## YOUR ASSIGNMENT
Restate each record word for word, omitting whatever pictures it holds.

## SUPPLIED MATERIAL
.....
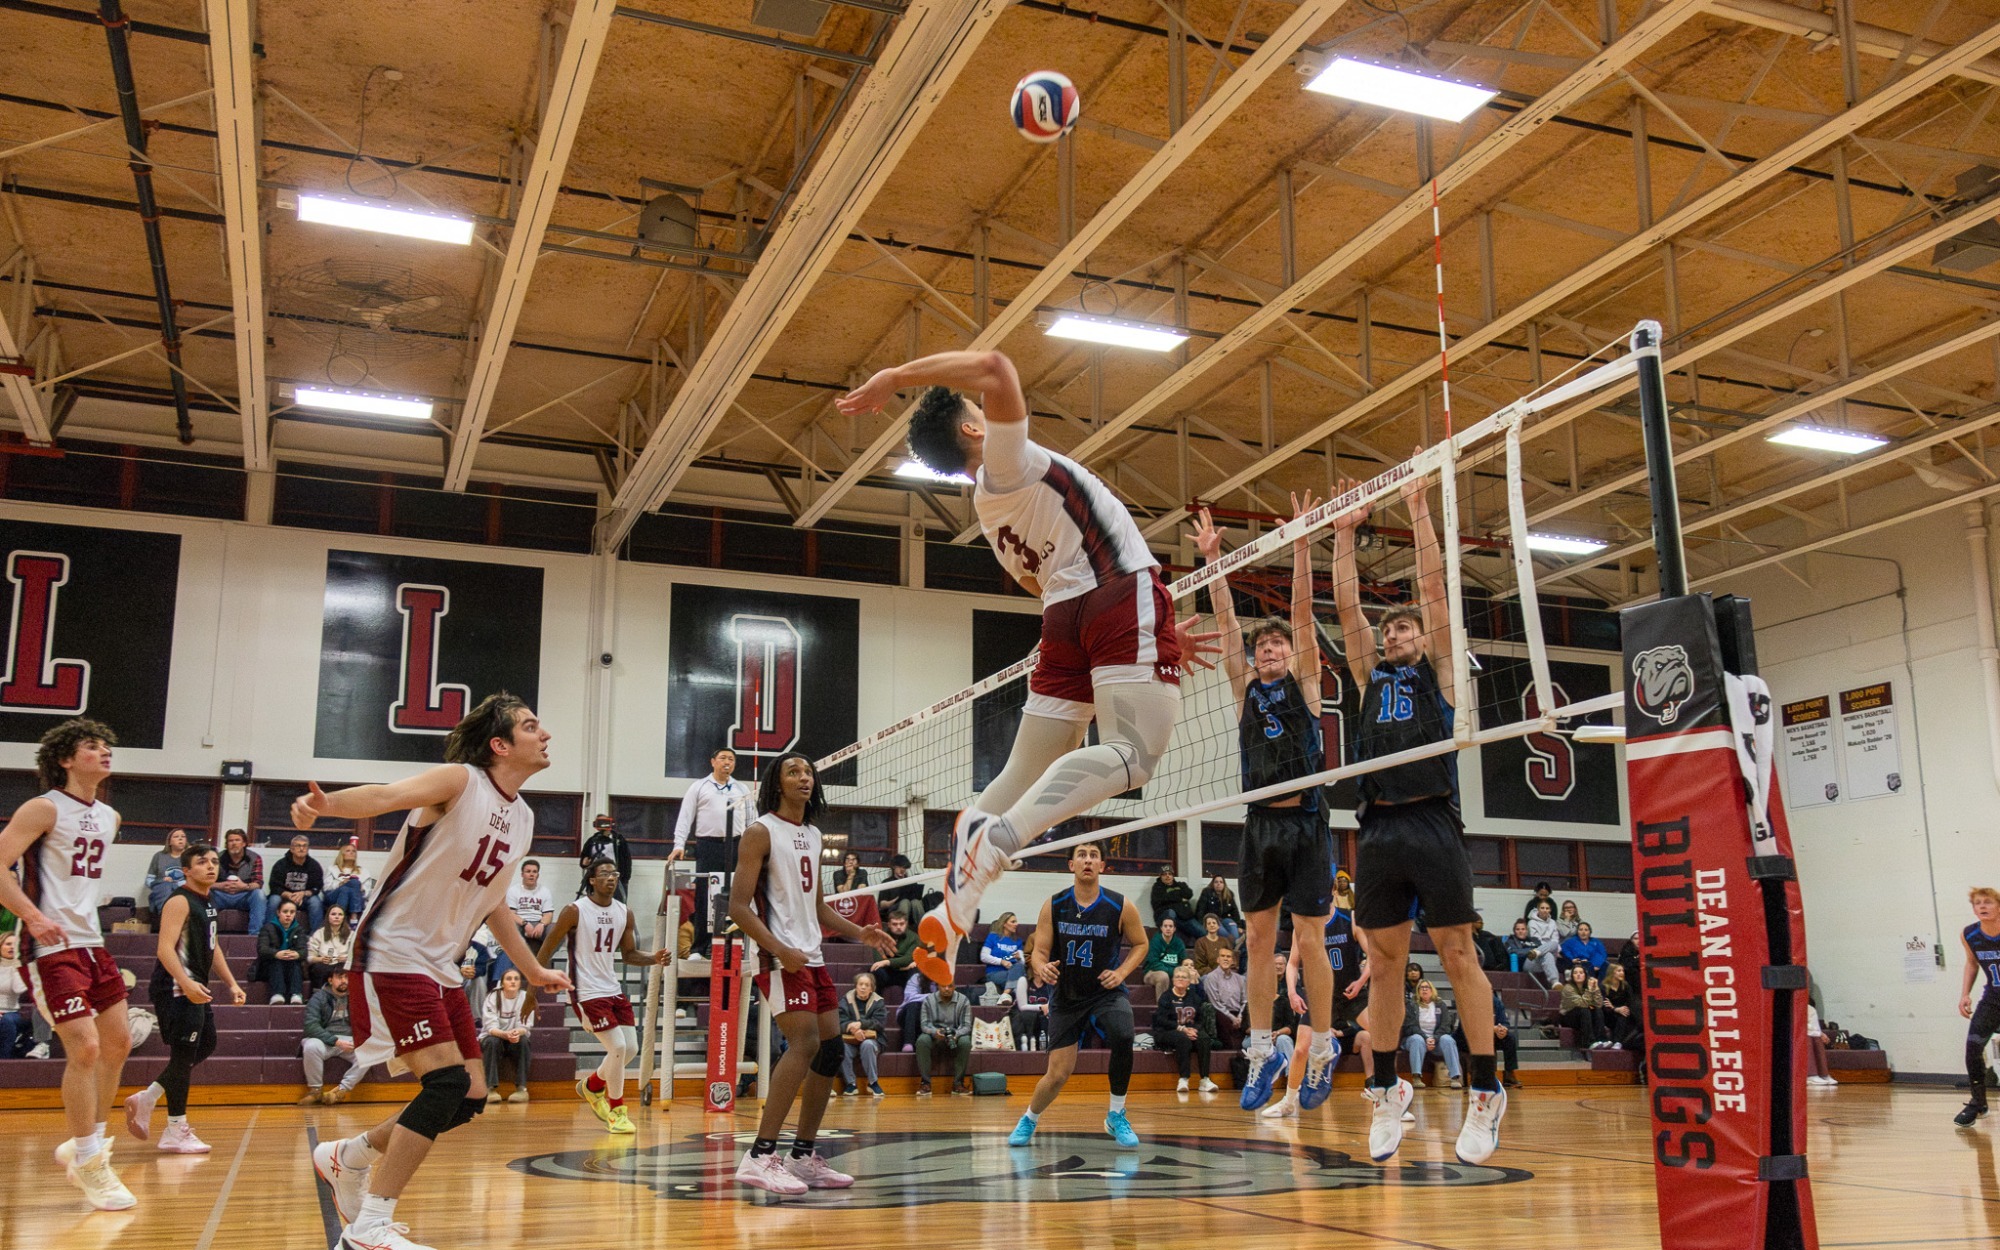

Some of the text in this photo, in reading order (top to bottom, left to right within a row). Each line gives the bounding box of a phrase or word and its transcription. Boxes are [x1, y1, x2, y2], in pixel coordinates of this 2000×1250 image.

[1304, 460, 1414, 528] DEAN COLLEGE VOLLEYBALL
[1176, 541, 1260, 593] DEAN COLLEGE VOLLEYBALL
[0, 550, 91, 716] L
[388, 583, 471, 736] L
[727, 614, 802, 757] D
[1376, 682, 1413, 723] 16
[1521, 680, 1575, 800] S
[489, 812, 511, 835] DEAN
[71, 836, 104, 879] 22
[459, 834, 511, 888] 15
[800, 855, 813, 893] 9
[594, 928, 614, 953] 14
[1058, 921, 1109, 938] WHEATON
[1905, 941, 1926, 950] DEAN
[1066, 939, 1094, 968] 14
[65, 996, 86, 1014] 22
[801, 991, 809, 1005] 9
[1636, 815, 1716, 1169] BULLDOGS
[1695, 868, 1747, 1113] DEAN COLLEGE
[189, 1031, 198, 1043] 8
[413, 1019, 433, 1042] 15
[598, 1017, 609, 1028] 14
[719, 1022, 728, 1076] sports imports
.....
## OUTPUT FOR THIS TASK
Some of the text in this photo, in reading order (top to bottom, left to right within a row). Each line gives the bounding box of a phrase or word and its transcription. Boxes are [x1, y1, x2, y2], in pixel coordinates of this 2000×1250 image.

[1304, 460, 1414, 528] DEAN COLLEGE VOLLEYBALL
[1176, 541, 1260, 593] DEAN COLLEGE VOLLEYBALL
[0, 550, 91, 716] L
[388, 583, 471, 736] L
[727, 614, 802, 757] D
[1376, 682, 1413, 723] 16
[1521, 680, 1575, 800] S
[489, 812, 511, 835] DEAN
[71, 836, 104, 879] 22
[459, 834, 511, 888] 15
[800, 855, 813, 893] 9
[594, 928, 614, 953] 14
[1058, 921, 1109, 938] WHEATON
[1905, 941, 1926, 950] DEAN
[1066, 939, 1094, 968] 14
[65, 996, 86, 1014] 22
[801, 991, 809, 1005] 9
[1636, 815, 1716, 1169] BULLDOGS
[1695, 868, 1747, 1113] DEAN COLLEGE
[189, 1031, 198, 1043] 8
[413, 1019, 433, 1042] 15
[598, 1017, 609, 1028] 14
[719, 1022, 728, 1076] sports imports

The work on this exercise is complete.